大正製薬、医療向け成分転用の大衆薬
生活習慣病で初 高脂血症薬、来年に
大正製薬は高脂血症を治療する一般用医薬品(大衆薬)を2013年に発売する。医療用医薬品の成分をそのまま転用した「スイッチ大衆薬」で、生活習慣病の分野では国内初のスイッチ製品となる。患者は医療機関を受診する時間的余裕がない場合などに直接薬局に行き、薬剤師の指導を受けて医薬品を購入できるようになる。
大正製薬が発売するのは中堅製薬会社の持田製薬が開発した高脂血症治療薬「エパデール」。厚生労働省はこのほど審議会の専門部会で、エパデールを大衆薬に転用することを了承した。年内にも厚労省が実際に承認する見通しで、大正は持田からエパデールを調達して売り出す。
持田製薬のエパデールの売上高は年400億円弱で、国内の高脂血症薬の中では有力製品。大正は将来的に、大衆薬としては大型製品といえる数十億円規模の売り上げを目指す。医療用のエパデールを購入する場合は健康保険の対象となるため、自己負担額は1日当たり78円と安い。大衆薬は保険の対象外で、販売価格はこれよりは高くなるとみられるが、薬局で買える利便性で一定の需要が見込めると判断した。

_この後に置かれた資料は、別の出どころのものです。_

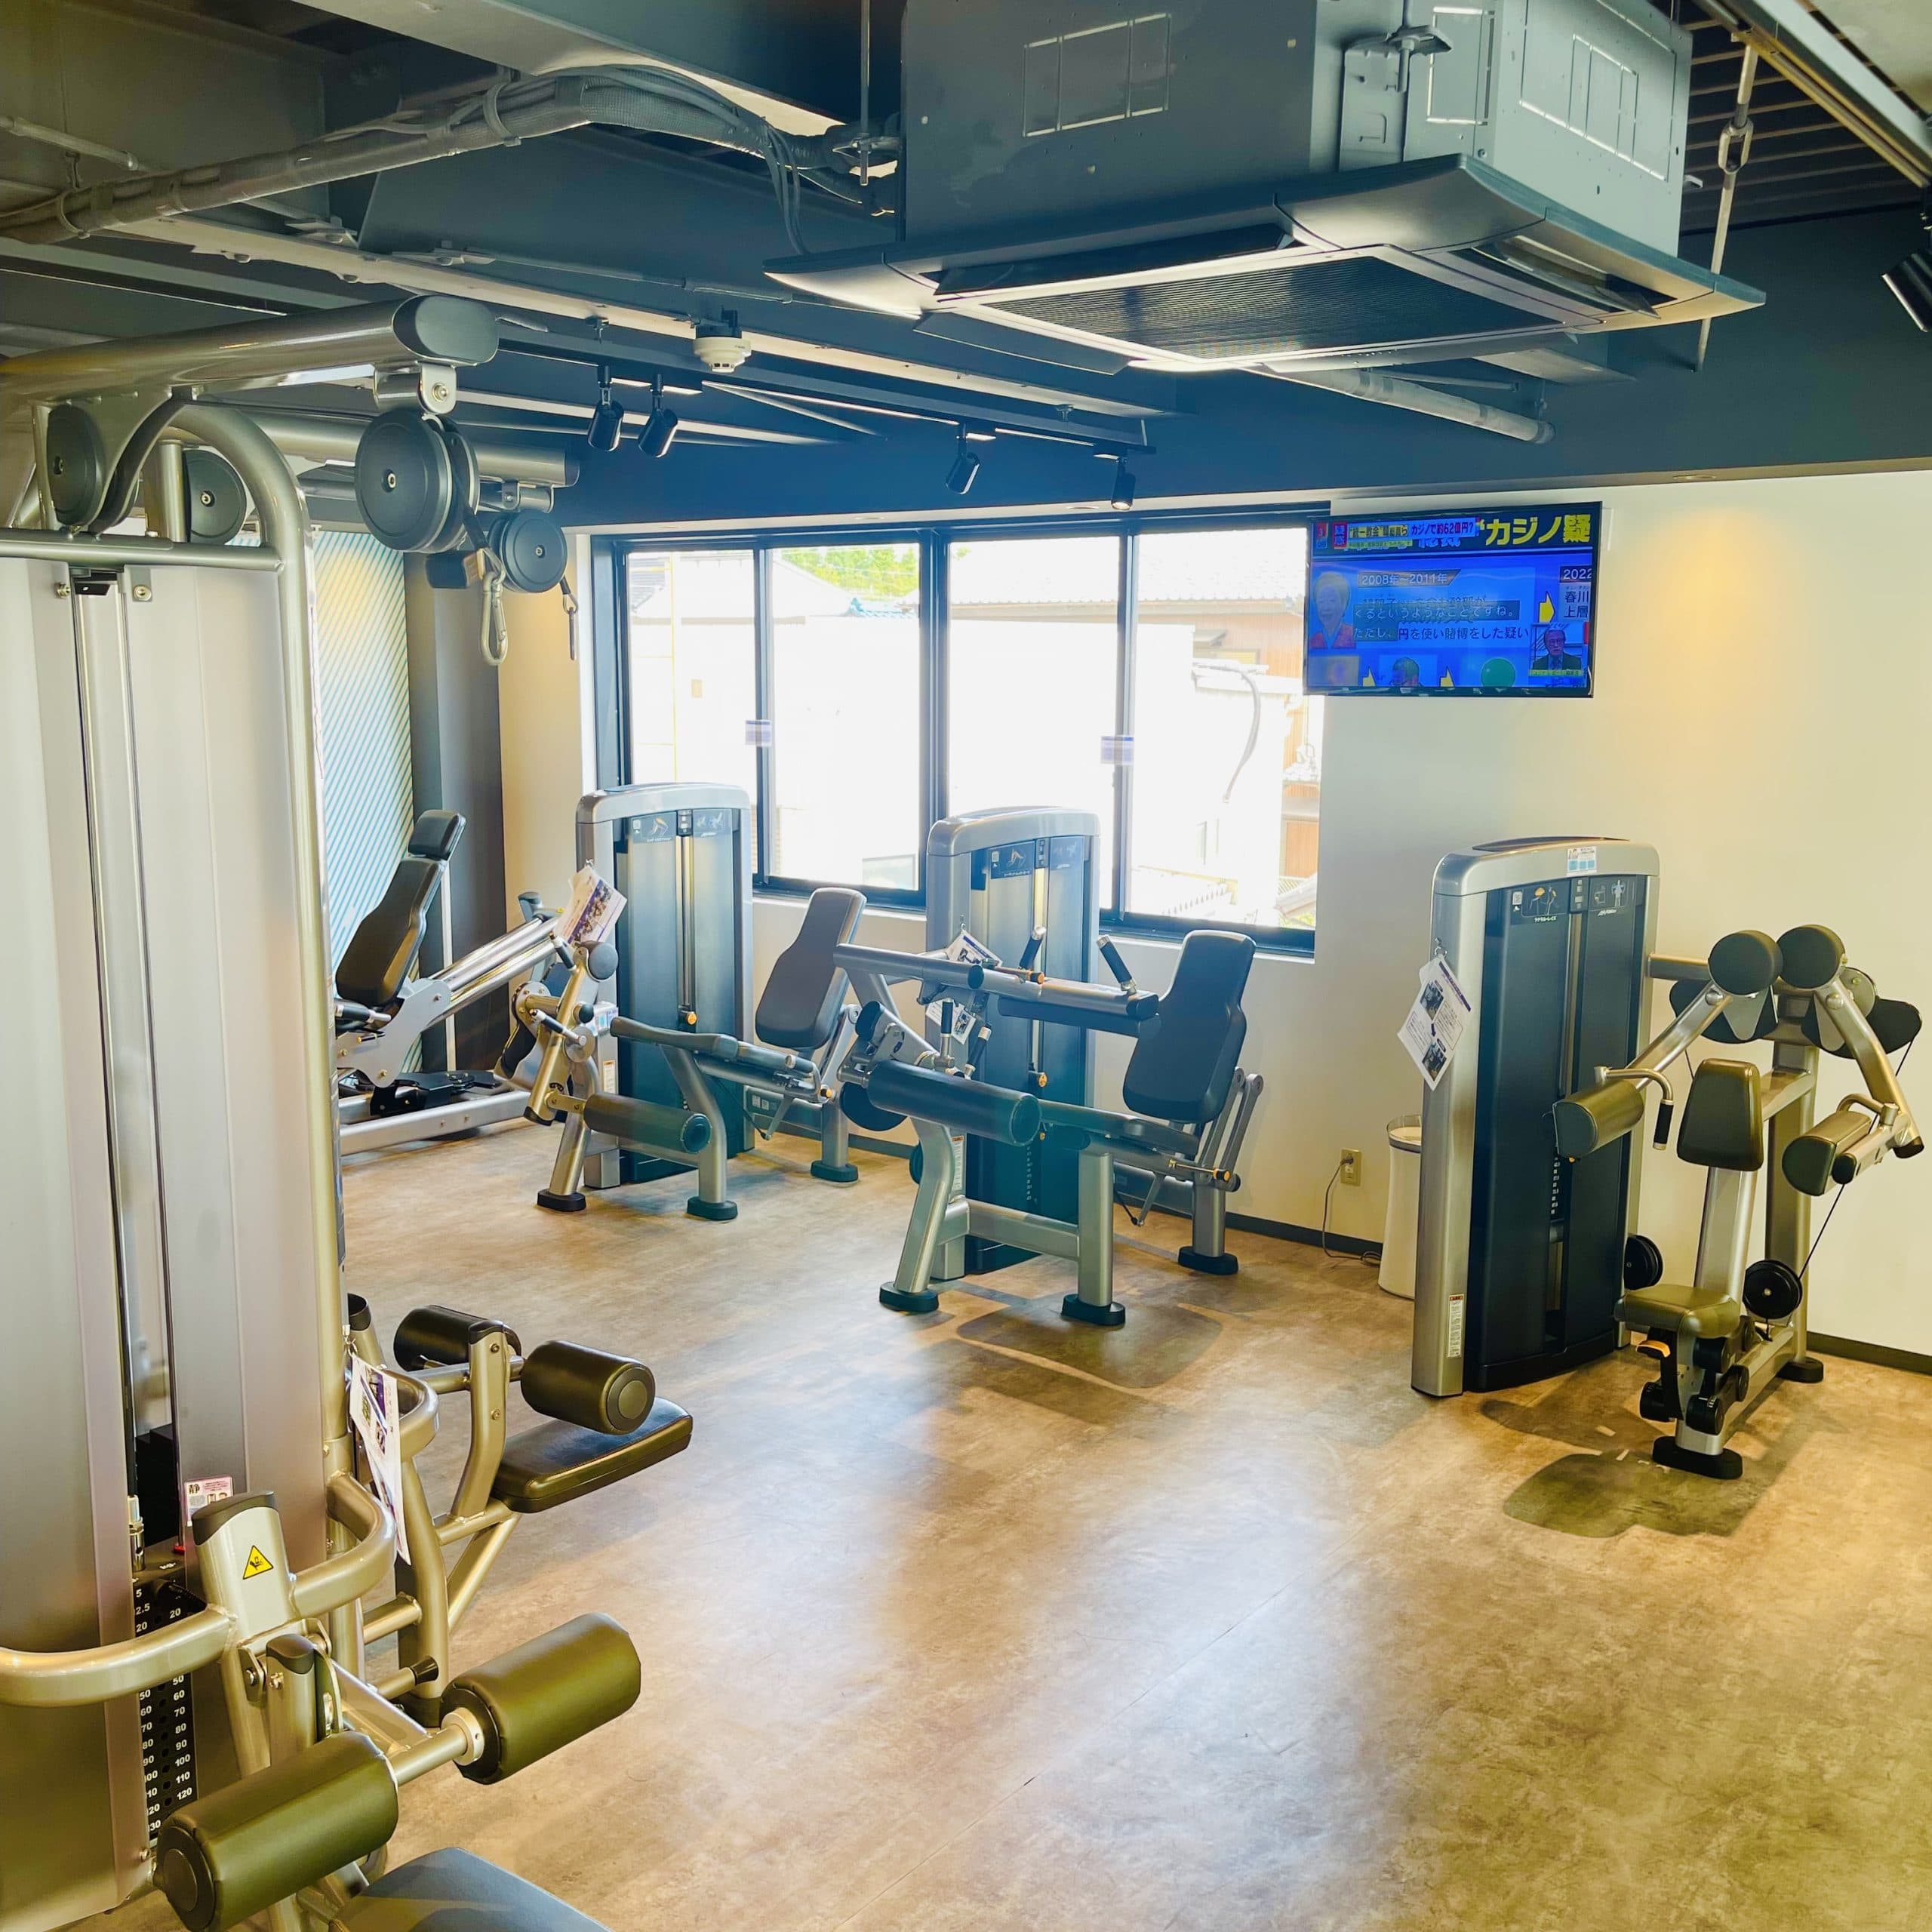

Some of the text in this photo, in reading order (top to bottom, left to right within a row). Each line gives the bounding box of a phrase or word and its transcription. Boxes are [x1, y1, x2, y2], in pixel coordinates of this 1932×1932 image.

これまで医療用成分を転用した大衆薬は発毛剤や鎮痛薬など、投与する期間が数日から数カ月と比較的短い製品が多かった。一方で高脂血症など生活習慣病の治療では、1年以上の服用が必要な場合も珍しくない。患者は一定期間ごとに医療機関を受診する必要があり、大衆薬として購入できれば利便性が高まる。国の医療費抑制にもつながる利点もある。
ただ通常の大衆薬と比べて効果が強いため、服用回数などについて患者に正確な知識を伝えることが必要となる。大正は薬局への情報提供の機会を増やし、薬剤師が患者に的確な指導ができるように支援する。
エパデールは中性脂肪が高い状態を改善する薬。魚に含まれる高純度のエイコサペンタエン酸(EPA)を製剤している。持田は大正への製品供給を新たな収益源とするため、09年に大衆薬への転用を厚労省に申請し、審議が続いていた。同省は医療費抑制のため、一部治療薬に関しては転用を認める方向に傾き始めている。